Fully inhibiting a 200-km (124-mi) flowline with a chemical such as methanol under the shut-in conditions and watercut requires impractical quantities of methanol. LDHI for inhibiting the flowline at shutin also rules itself out since it has an expiration period. Therefore, for this case study, chemical injection alone can be ruled out for hydrate inhibition.
In this analysis, blowdown is selected as the hydrate prevention method of choice based on its effectiveness and low cost. Blowdown is simulated to start after a 12-hour shut-in period from a settle-out pressure of 90 bar (9 MPa). Twelve hours is selected to allow additional blowdown time while the flowline is still in the hydrate-free operating region. It is intended to depressurize the flowline to 6 bar (0.6 MP) as the flowline will be outside the hydrate risk envelope at the ambient temperature.
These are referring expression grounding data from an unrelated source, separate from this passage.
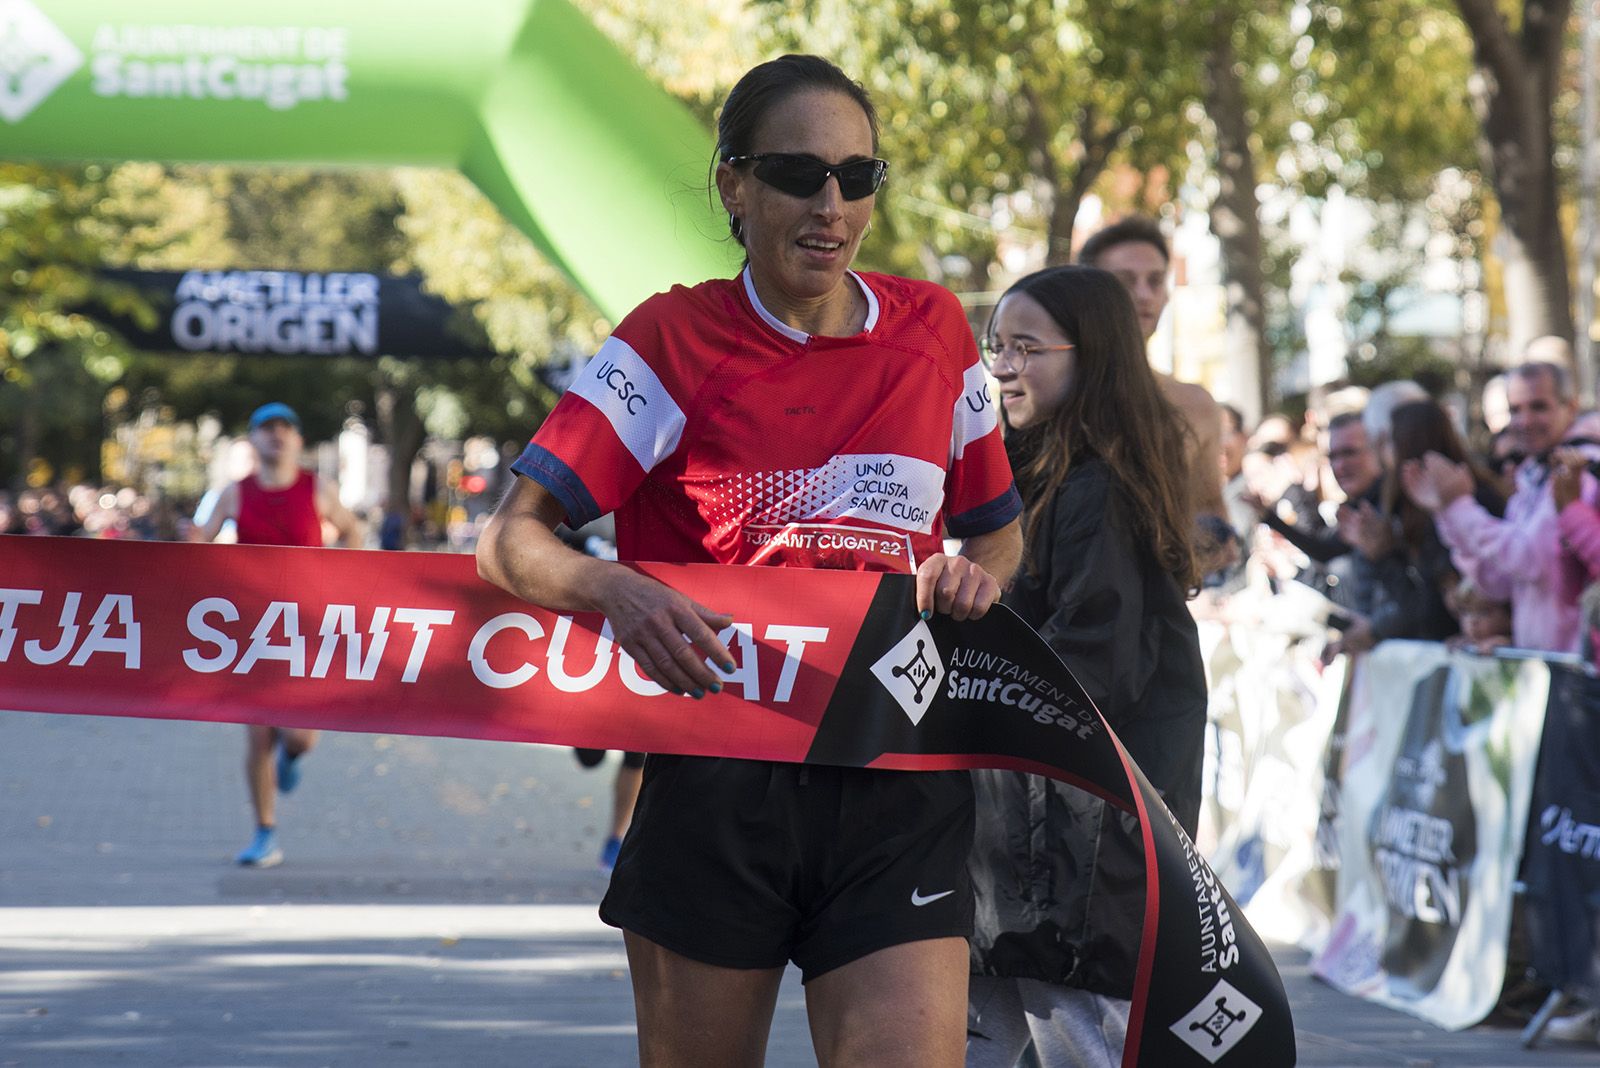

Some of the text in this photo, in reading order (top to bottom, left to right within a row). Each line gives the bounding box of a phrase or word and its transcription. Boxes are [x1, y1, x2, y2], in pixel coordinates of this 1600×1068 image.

[91, 56, 349, 111] SantCugat
[171, 301, 380, 354] ORIGEN
[596, 360, 647, 416] UCSC
[783, 405, 816, 417] TACTIC
[853, 480, 909, 500] CICLISTA
[856, 459, 894, 477] UNIÓ
[849, 497, 929, 525] SANT CUGAT
[770, 533, 815, 549] SANT
[817, 534, 878, 552] CUGAT
[880, 541, 901, 556] 22
[0, 588, 142, 670] TJA
[182, 597, 456, 683] SANT
[947, 670, 1094, 740] SantCugat
[949, 647, 1103, 732] AJUNTAMENT DE
[1176, 830, 1217, 973] AJUNTAMENT
[1193, 844, 1240, 969] SantC
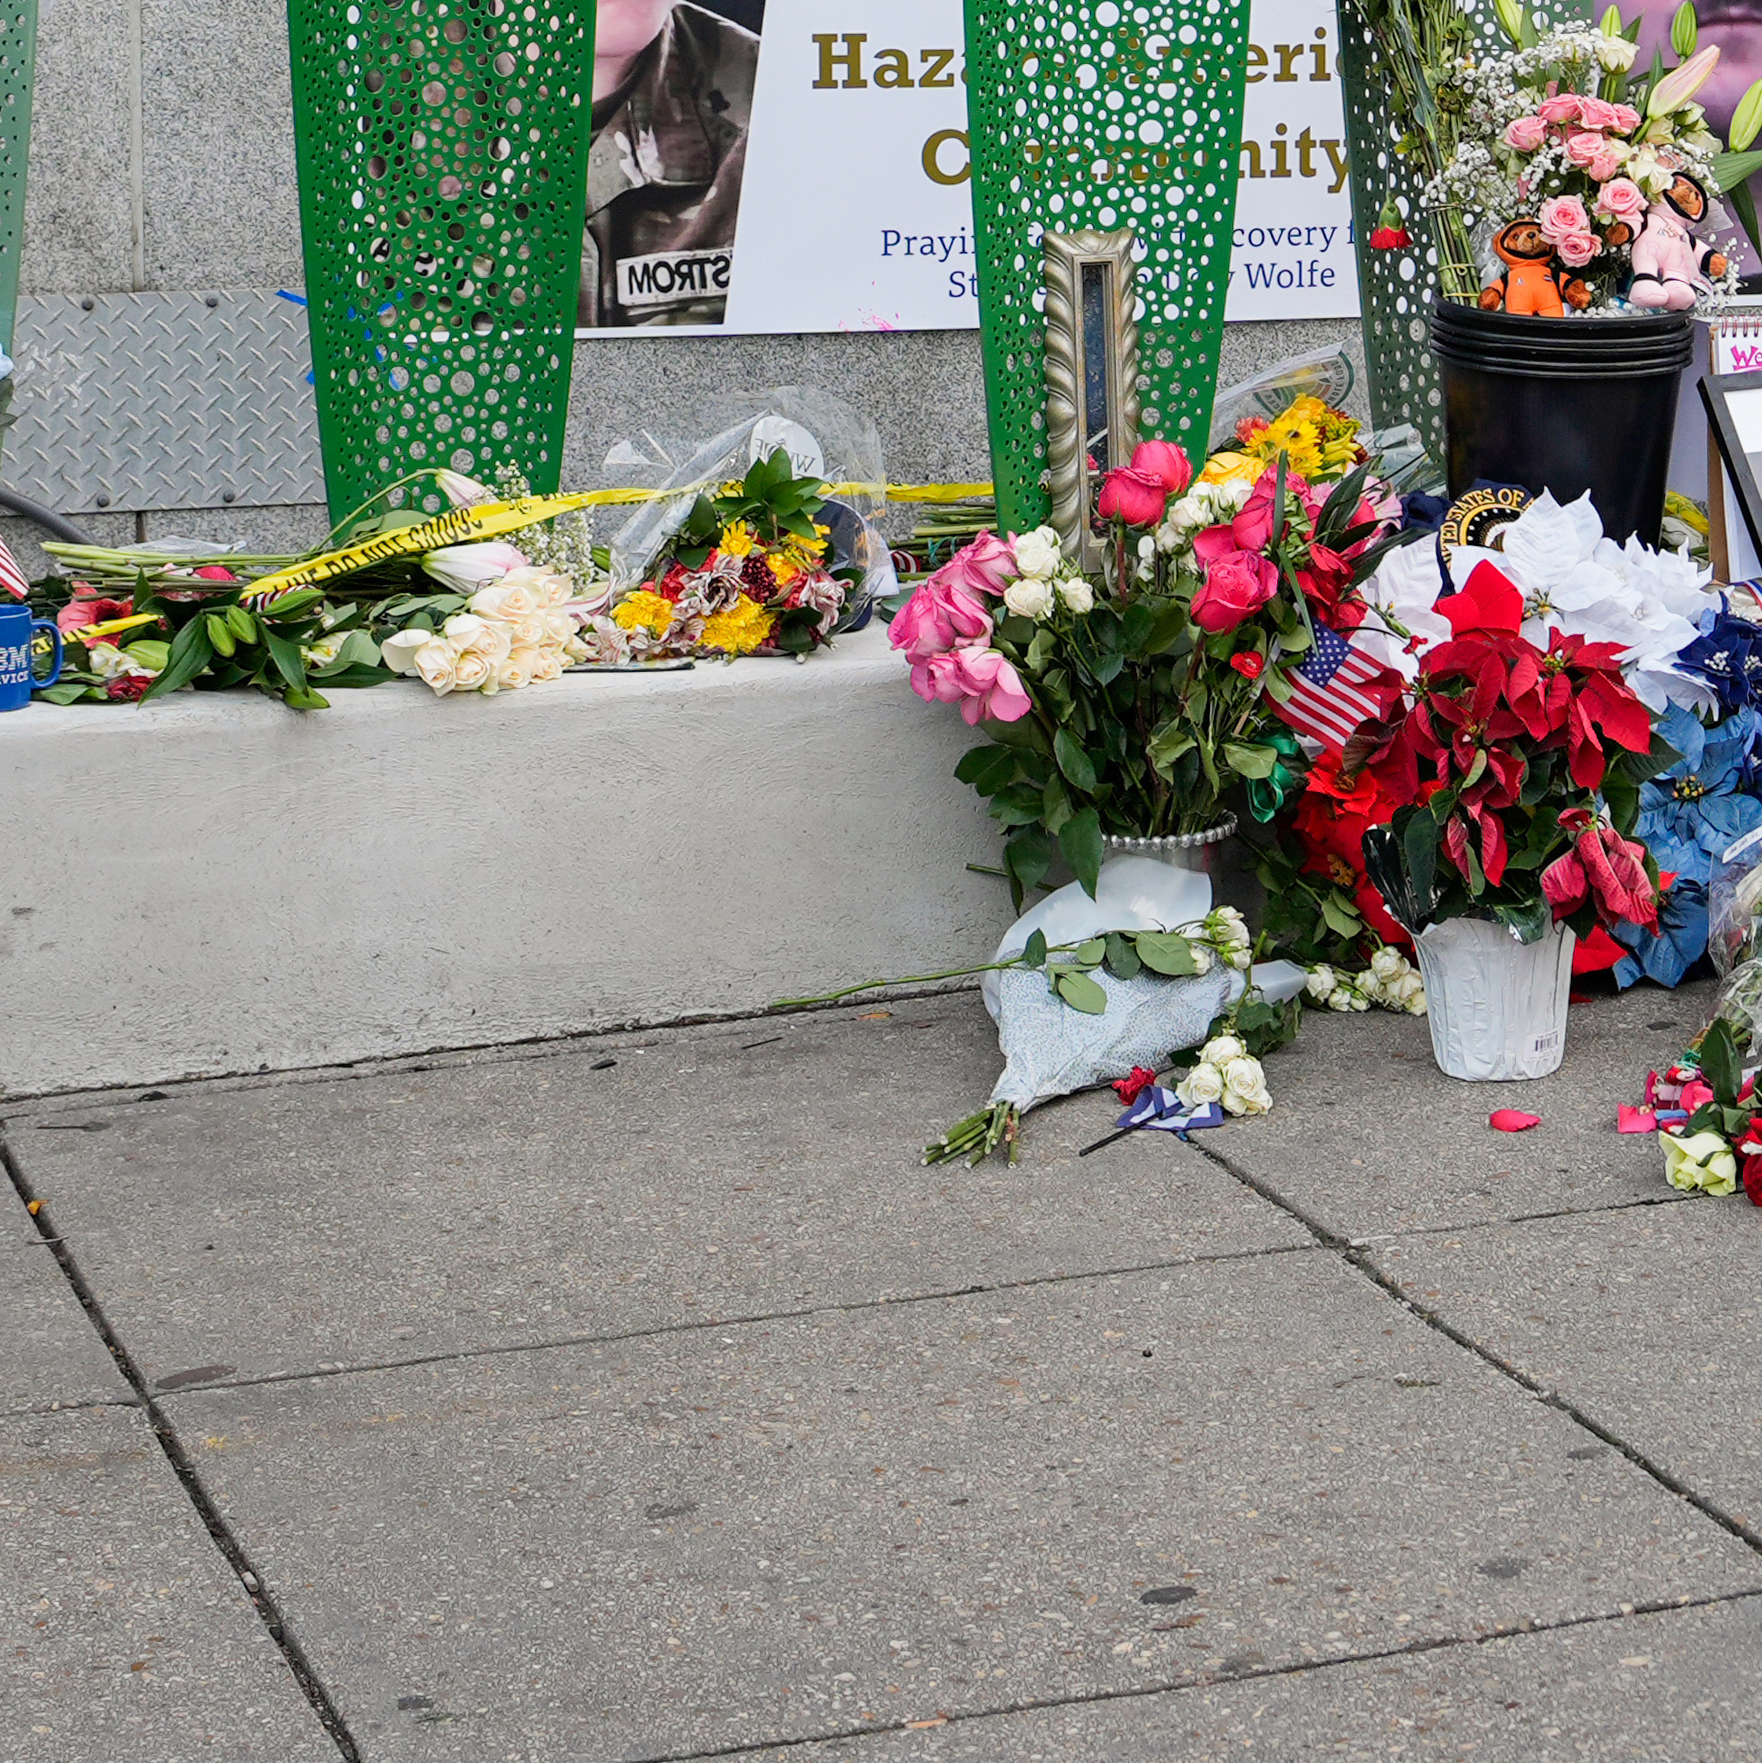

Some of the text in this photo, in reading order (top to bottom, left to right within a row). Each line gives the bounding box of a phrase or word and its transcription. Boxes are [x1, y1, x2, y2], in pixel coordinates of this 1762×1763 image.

[881, 229, 976, 260] Prayi
[1231, 224, 1327, 255] covery
[1245, 260, 1336, 289] Wolfe
[1446, 488, 1496, 521] STATES
[1498, 488, 1524, 507] OF
Initially, blowdown was to be via a 6-in. (15-cm) valve and the blowdown route via the topsides flare system. The simulation, however, showed the system would not depressurize quickly enough to 6 bar, thus indicating the need for an additional blowdown route. When a two-point depressurization is applied with the second depressurization point at the flowline inlet, an improved depressurization rate sufficient to prevent the flowline from exposure to hydrate formation conditions is achieved.
Based on this case study, the following conclusions are drawn:
- Insulation performance is crucial in the flow assurance of deepwater long tiebacks during both steady-state and transient operations
- Blowdown of long tiebacks can take a long time. This study showed that the rate of heat loss in long tiebacks could easily exceed the rate of depressurization in an attempt to keep the fluid out of hydrate zone. As a result, in addition to depressurizing via the topsides, adopting an additional depressurization route such as from the flowline inlet probably via an additional line installed for this purpose, overcomes the lengthy blowdown times associated with long tiebacks and result in hydrate prevention
- Hot oil circulation for long tiebacks in deepwater requires lots of storage. If such volumes are available, the hydrate free oil can be used to flush and fill the flowline for extended periods
- Based on the current efficiency levels of hydrate inhibitors, chemical treatment, when the only method of hydrate prevention, is not an option for long tiebacks. A combination of methods such as blowdown followed by chemical treatment offers one of the most viable solutions
- Simulation tools have been shown to evaluate the technical feasibility of a number of hydrate management options with a high degree of detail and a reasonable level of certainty.
Editor’s Note: This is an edited version of the paper presented at PennWell’s 2008 Offshore West Africa Conference & Exhibition in Abuja, Nigeria.